Storyboarding

From ElateWiki


Storyboarding is a planning and drafting tool used in multimedia building and instructional design for e-learning. Storyboards come in various forms depending on the type of project it is. For example, a website's storyboard will likely be different than one for an interactive web-based case scenario. A storyboard for a short science lab-based video sequence will be different than one for a fictionalized dramatization.

Contents

Storyboarding as a Design and Planning Tool

Basically, a storyboard is a draft sequence of imagery and text, with implied action / transitions / movement in between the slides. A storyboard provides a scaffolding of the action to help development team visualize the plan and to improve it. Storyboards may involve functionality to show how the various action sequences interact.

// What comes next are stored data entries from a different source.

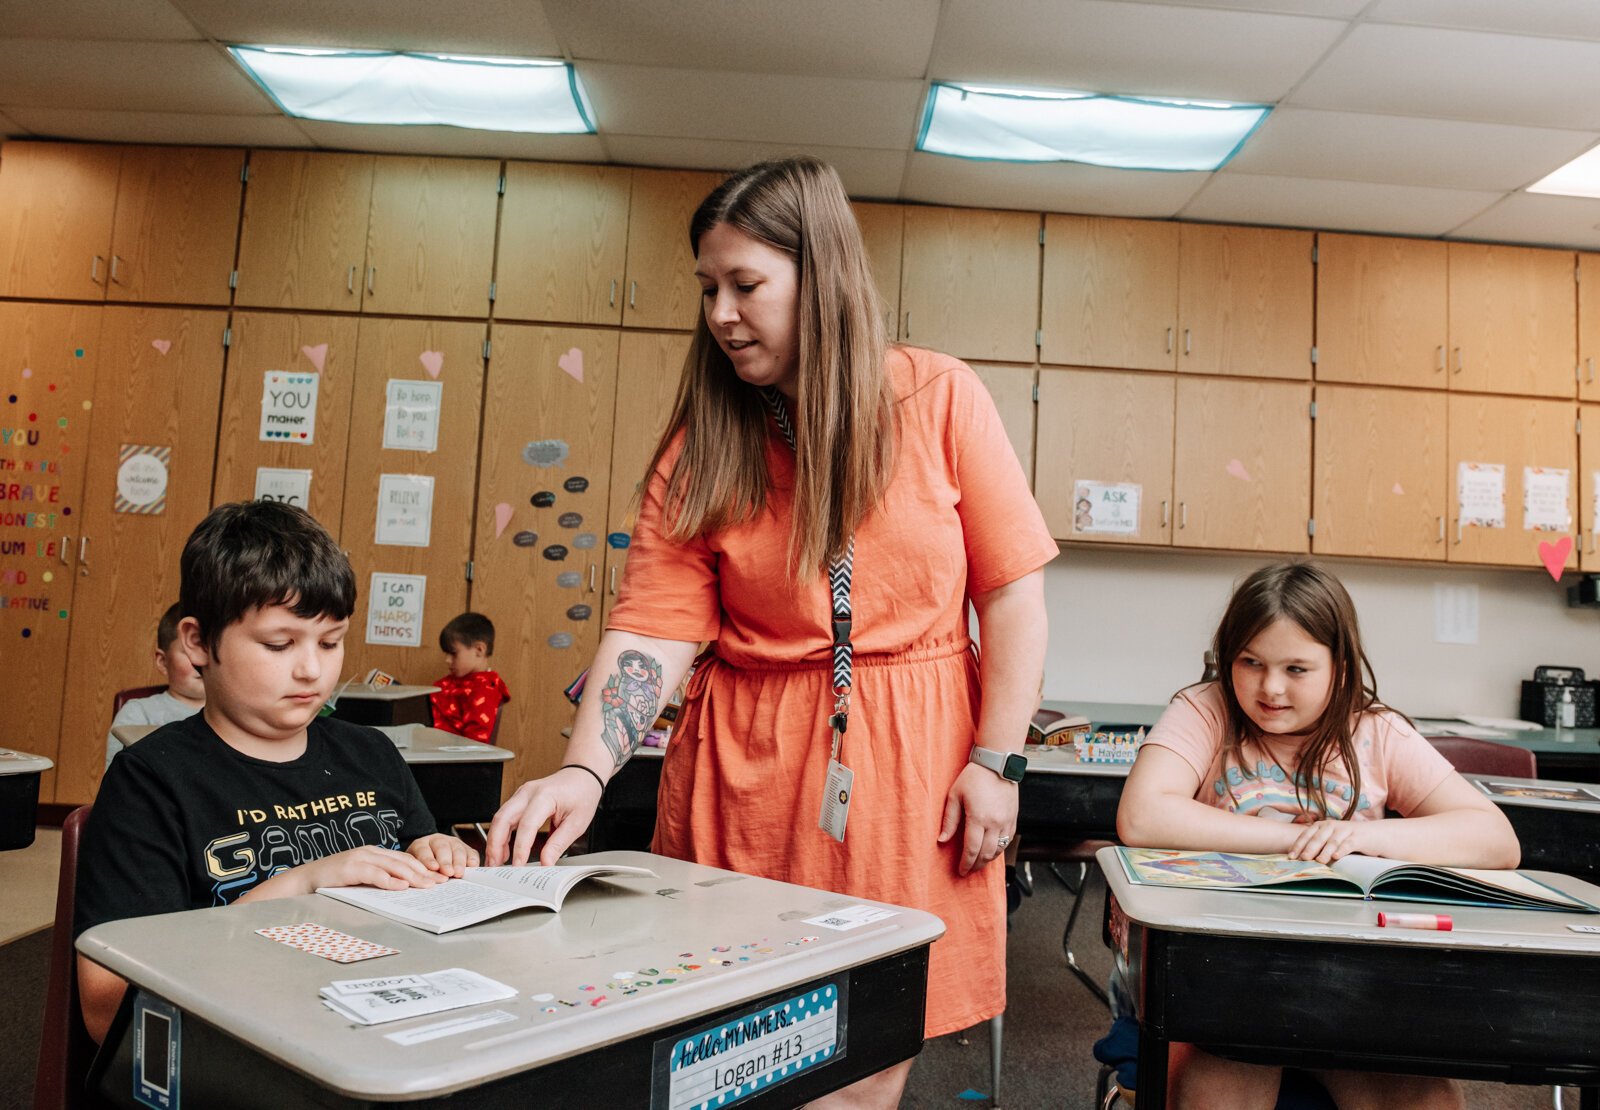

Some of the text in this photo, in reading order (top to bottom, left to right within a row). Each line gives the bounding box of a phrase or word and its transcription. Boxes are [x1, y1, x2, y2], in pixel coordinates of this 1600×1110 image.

[269, 390, 310, 409] YOU
[1, 429, 39, 446] YOU
[0, 483, 60, 503] BRAVE
[1102, 490, 1128, 503] ASK
[0, 512, 57, 529] ONEST
[388, 596, 405, 607] DO
[237, 791, 377, 825] I'D RATHER BE
[725, 1030, 741, 1051] MY
[742, 1017, 772, 1043] NAME
[714, 1034, 803, 1091] Logan #13

An Information Rich Approach

A storyboard may highlight the user interface. This would be the screen through which people interact with a particular socio-technical or automated (purely) technical system.

A storyboard may show the navigational structure of an interactive site. Or they may show how the parts of a site interact. The contents of a storyboard and how that storyboard piece (slide) is placed in relation to other elements convey a lot of information about the design and how the site / story / case / video "works."

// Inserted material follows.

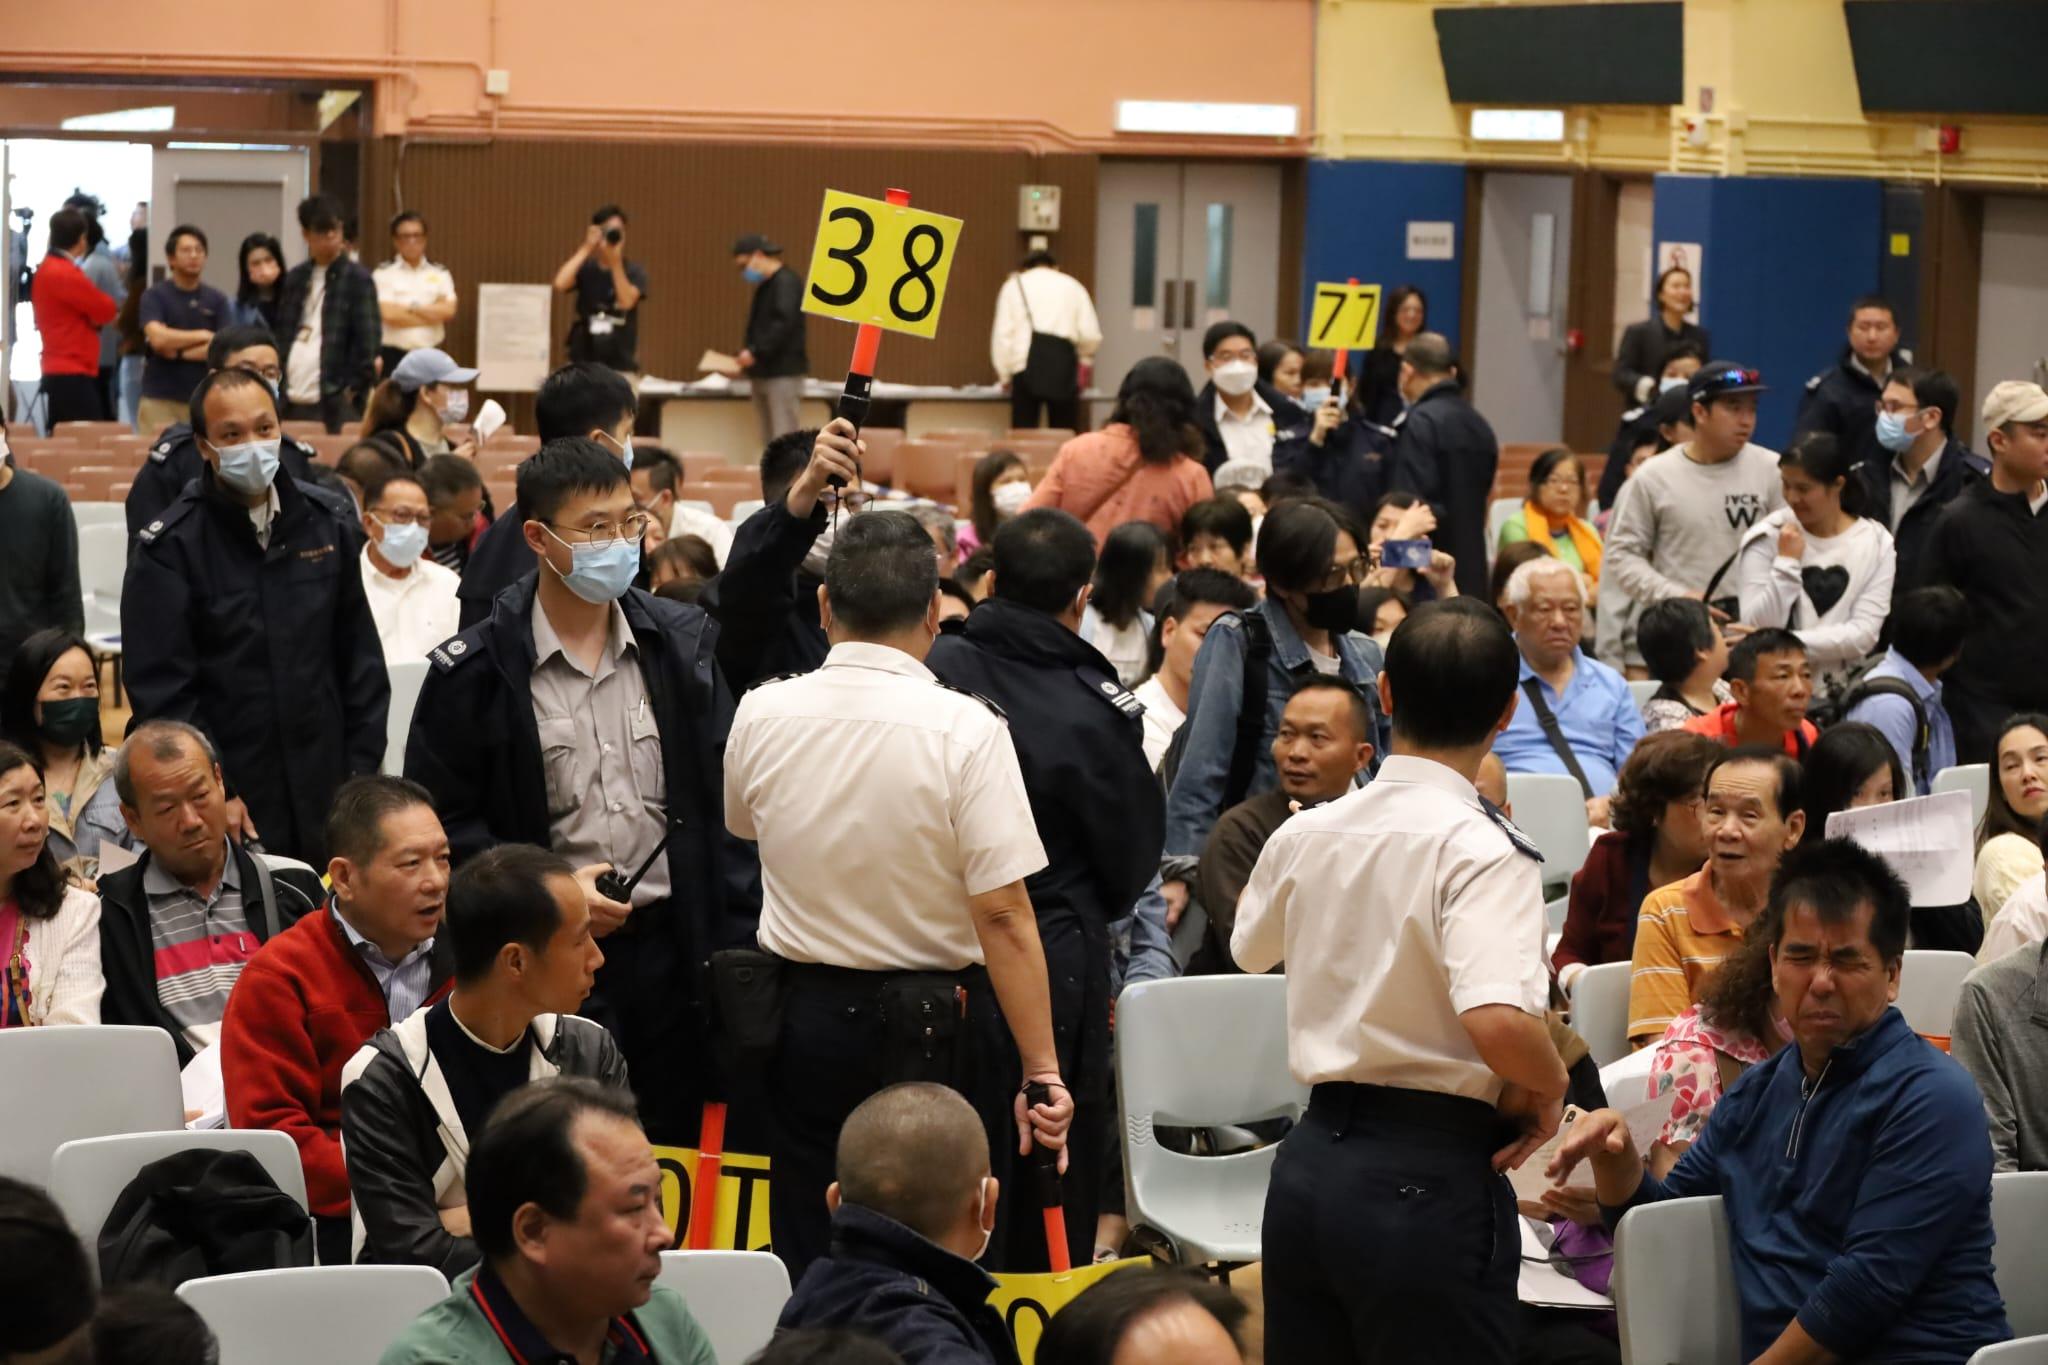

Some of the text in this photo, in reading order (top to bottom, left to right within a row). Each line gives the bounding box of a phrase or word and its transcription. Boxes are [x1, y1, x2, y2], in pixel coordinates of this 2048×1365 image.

[811, 207, 944, 322] 38
[1319, 291, 1375, 342] 77
[1725, 507, 1759, 528] W

A storyboard will capture design features, such as the proposed look-and-feel of a digital build. A storyboard conveys style, often with placeholder images or other mockups.

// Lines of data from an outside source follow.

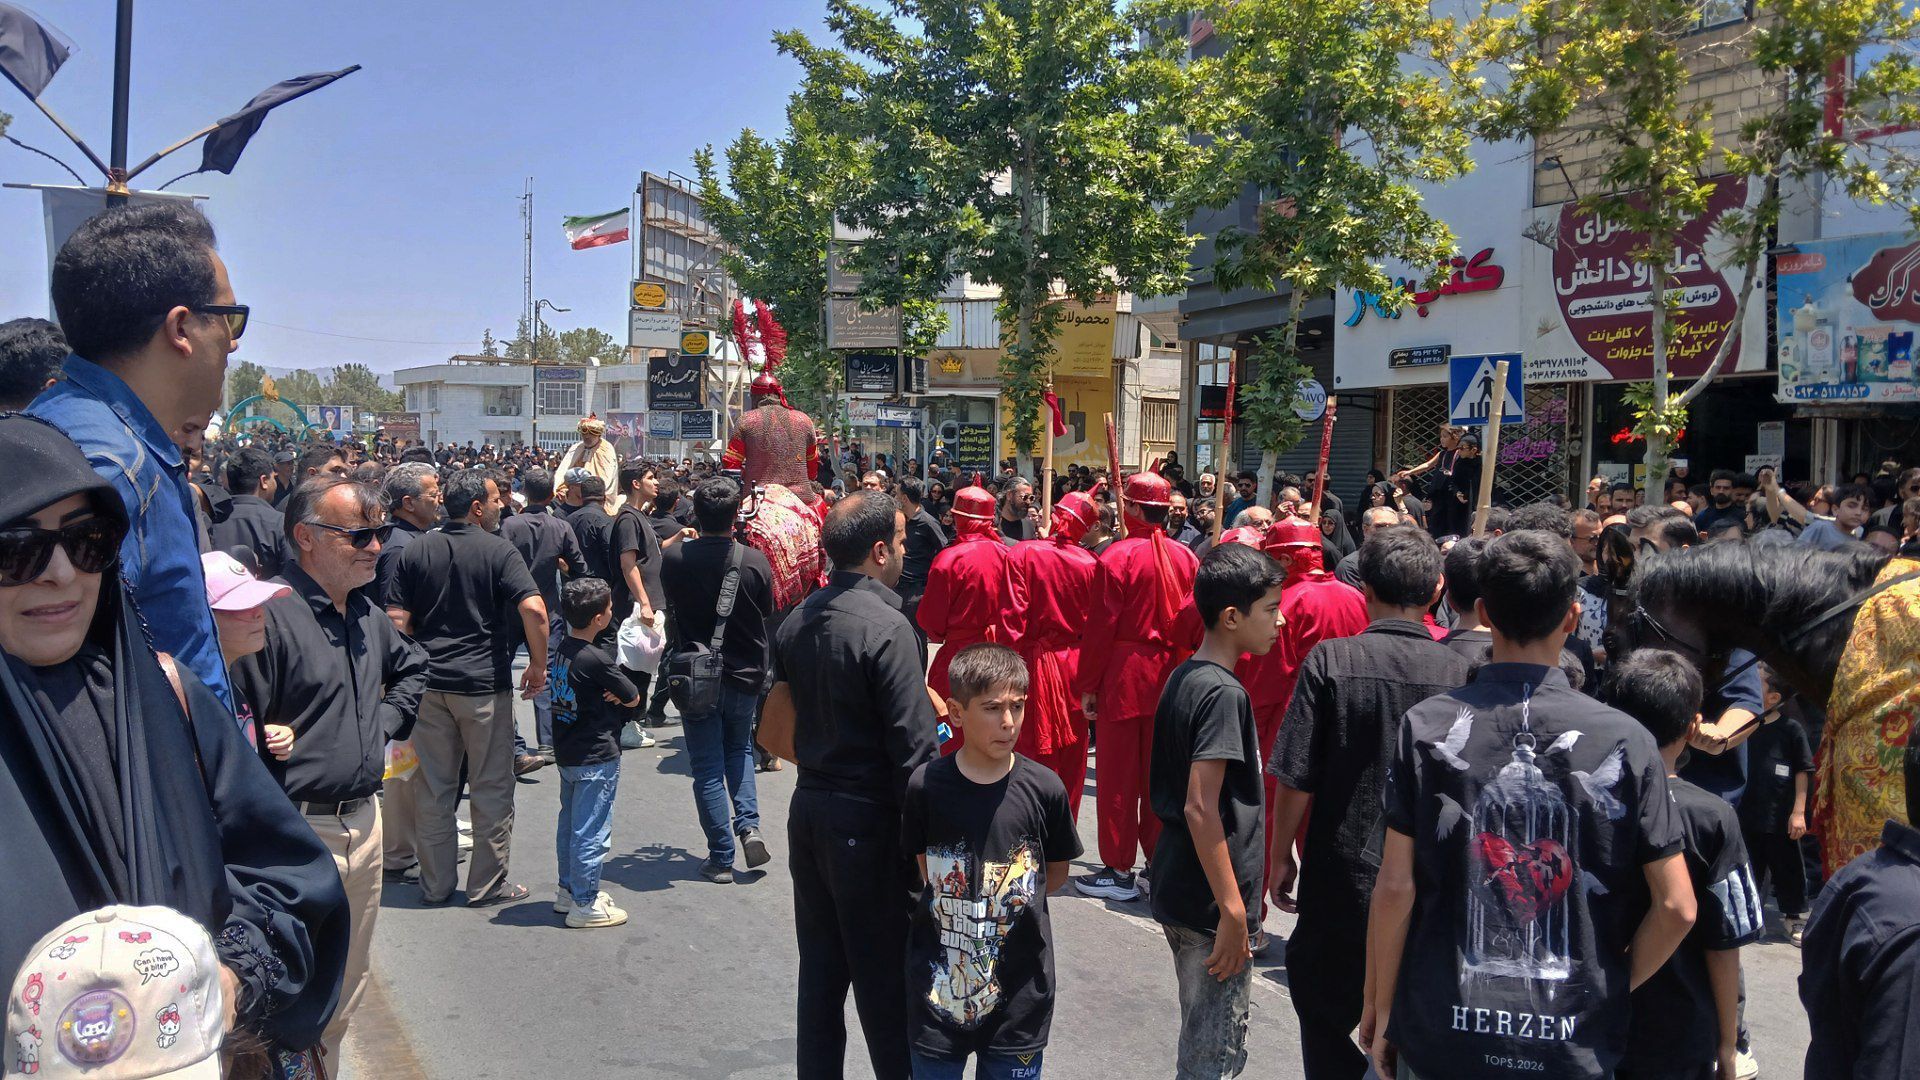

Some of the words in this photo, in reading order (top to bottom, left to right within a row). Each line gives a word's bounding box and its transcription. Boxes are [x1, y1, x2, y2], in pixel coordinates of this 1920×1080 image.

[1556, 256, 1631, 295] دانش
[1686, 288, 1719, 303] فروش
[1569, 299, 1614, 316] دانشجویی
[1614, 298, 1635, 311] های
[1689, 320, 1718, 339] تایپ
[1606, 345, 1642, 360] جزوات
[959, 425, 990, 435] فروش
[151, 963, 167, 971] bite?
[1451, 1005, 1576, 1040] HERZEN
[1484, 1054, 1545, 1071] TOPS.2026
[1011, 1065, 1037, 1078] TEAM

For digital storytelling, a storyboard defines each frame along with any narration. It may also consist of the digital assets that will be used in the particular frame. This helps eliminate shooting unnecessary video; on the flip side, it helps project managers realize if there's missing footage. There may also be information about the art in each frame.

Other Supplementary Planning Documents

Storyboards are usually enhanced with other planning documents. Curriculum design plans define the learning objectives and pedagogical strategies. There may be decision trees (flowcharts) that show how a learner may progress through a branched curriculum. There may be back stories for the characters, and photo renderings of avatars or digital characters. There may be mock-ups for the designs of various aspects of the design--such as for logos or symbols or costuming.

Approaching Storyboards

Storyboards should be considered very "drafty." The development team should be very open to making changes in this design phase with this design tool. Just because something has been drafted and put into a pseudo-fixed form does not mean that there should be any kind of automatic commitment.

They have content builders save time by heading off bad design and ensuring that there's an instructional logic to a build. Storyboards are not the be-all, end-all of planning documentation, but they are a critical, information-rich piece for e-learning and instructional design.

Storyboards may result in design templates to use on a project, particularly for those working on distributed or virtual global teams.

The best designed storyboards lead to a successful project build that is coherent and effective for learning. To achieve these ends, it's suggested that all elements have to contribute to the purpose of the video or other media. There should be no redundancy (Newman, 2009).

See Also

Digital Storytelling

References

Newman, T. (2009, July 31). "Digital Storytelling: How to Bring your Stories to Life." SIDLIT. Overland Park, KS.